__Work to complete__
The word "EUROGROUP" occurs in some lines of the data. Return each such line.

(Stored entries)
══════

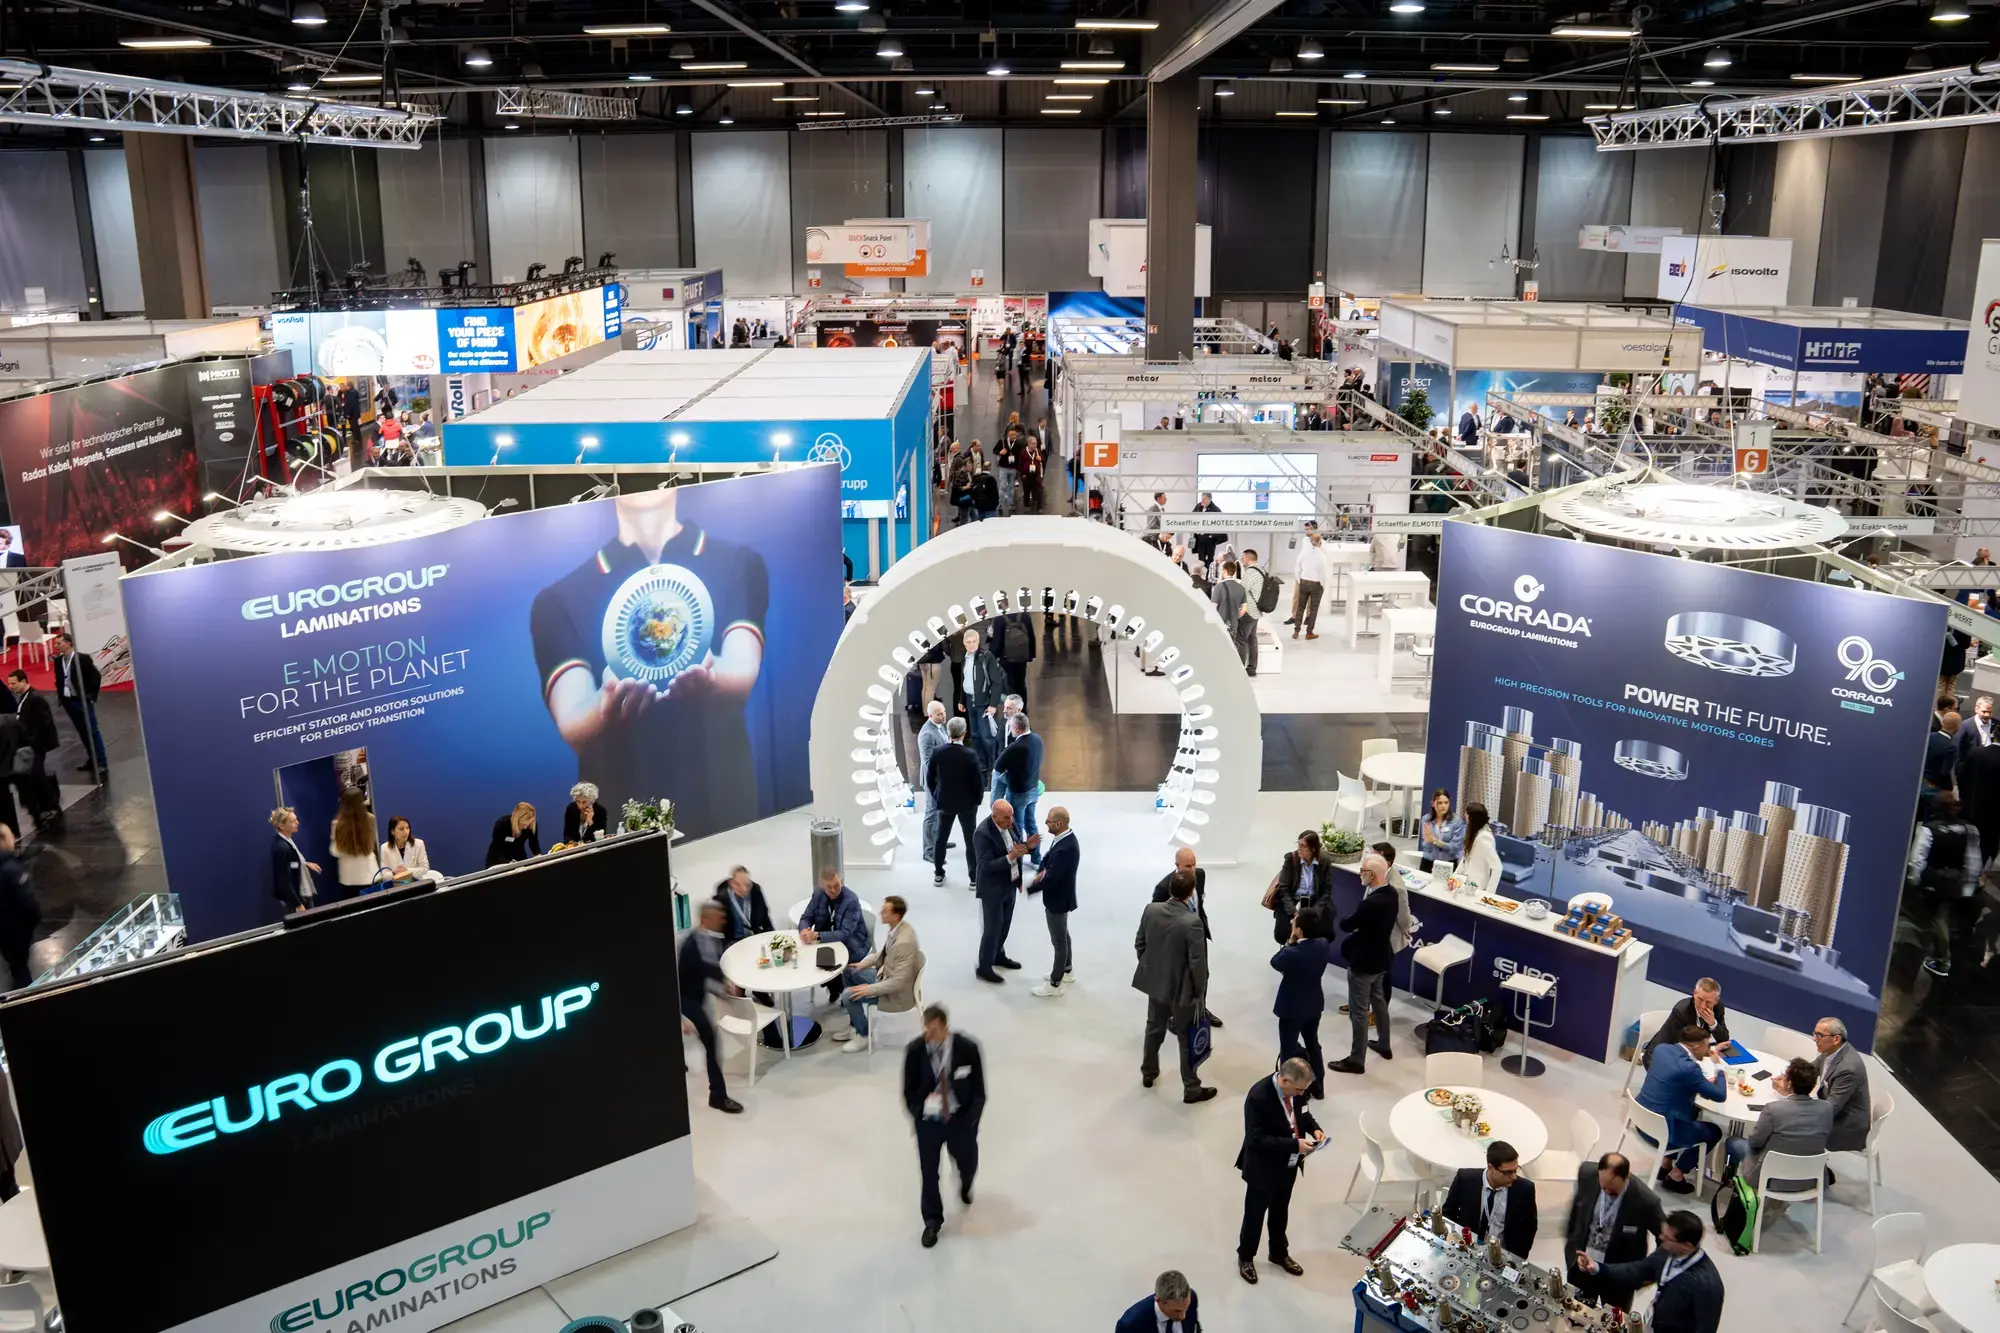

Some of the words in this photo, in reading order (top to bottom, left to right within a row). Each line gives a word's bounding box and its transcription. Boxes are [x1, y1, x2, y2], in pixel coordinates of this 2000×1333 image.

[1731, 267, 1778, 275] isovolta
[685, 281, 703, 301] RUFF
[811, 279, 818, 287] E
[1313, 297, 1320, 306] G
[1527, 292, 1535, 300] H
[447, 327, 474, 337] YOUR
[476, 326, 505, 337] PIECE
[464, 316, 488, 327] FIND
[456, 338, 470, 348] OF
[471, 338, 498, 347] MIND
[1621, 342, 1673, 352] voestalpine
[1805, 341, 1862, 358] Hidria
[1401, 378, 1432, 387] EXPECT
[39, 447, 53, 459] Wir
[54, 441, 71, 454] sind
[71, 440, 81, 451] Ihr
[82, 426, 134, 449] technologischer
[133, 420, 156, 433] Partner
[156, 416, 165, 427] für
[1097, 424, 1103, 440] 1
[1750, 431, 1755, 446] 1
[21, 466, 48, 483] Radox
[48, 458, 73, 475] Kabel,
[72, 451, 106, 468] Magnete,
[105, 441, 135, 458] Sensoren
[136, 436, 148, 449] und
[148, 426, 183, 445] Isolierlacke
[1094, 444, 1109, 466] F
[1743, 450, 1759, 471] G
[1165, 519, 1200, 527] Schaeffler
[241, 564, 448, 621] EUROGROUP
[280, 597, 422, 638] LAMINATIONS
[1459, 593, 1592, 637] CORRADA
[1469, 619, 1521, 637] EUROGROUP
[1521, 630, 1578, 649] LAMINATIONS
[283, 635, 426, 685] E-MOTION
[1837, 635, 1898, 693] 90
[240, 687, 300, 719] FOR
[305, 672, 362, 703] THE
[369, 648, 470, 690] PLANET
[1831, 687, 1894, 707] CORRADA
[253, 722, 307, 743] EFFICIENT
[308, 713, 348, 731] STATOR
[349, 707, 373, 720] AND
[374, 699, 409, 714] ROTOR
[410, 686, 464, 706] SOLUTIONS
[1494, 676, 1518, 688] HIGH
[1520, 682, 1570, 700] PRECISION
[1571, 693, 1604, 708] TOOLS
[1605, 701, 1626, 713] FOR
[1627, 706, 1689, 728] INNOVATIVE
[1691, 722, 1736, 739] MOTORS
[1738, 730, 1775, 748] CORES
[1623, 683, 1700, 716] POWER
[1704, 701, 1742, 725] THE
[1747, 709, 1832, 747] FUTURE.
[299, 731, 322, 744] FOR
[324, 721, 365, 739] ENERGY
[366, 706, 426, 728] TRANSITION
[143, 1058, 363, 1155] EURO
[269, 1211, 552, 1333] EUROGROUP
[326, 1257, 518, 1333] AMINATIONS

══════

__Response box__
[241, 564, 448, 621] EUROGROUP
[1469, 619, 1521, 637] EUROGROUP
[269, 1211, 552, 1333] EUROGROUP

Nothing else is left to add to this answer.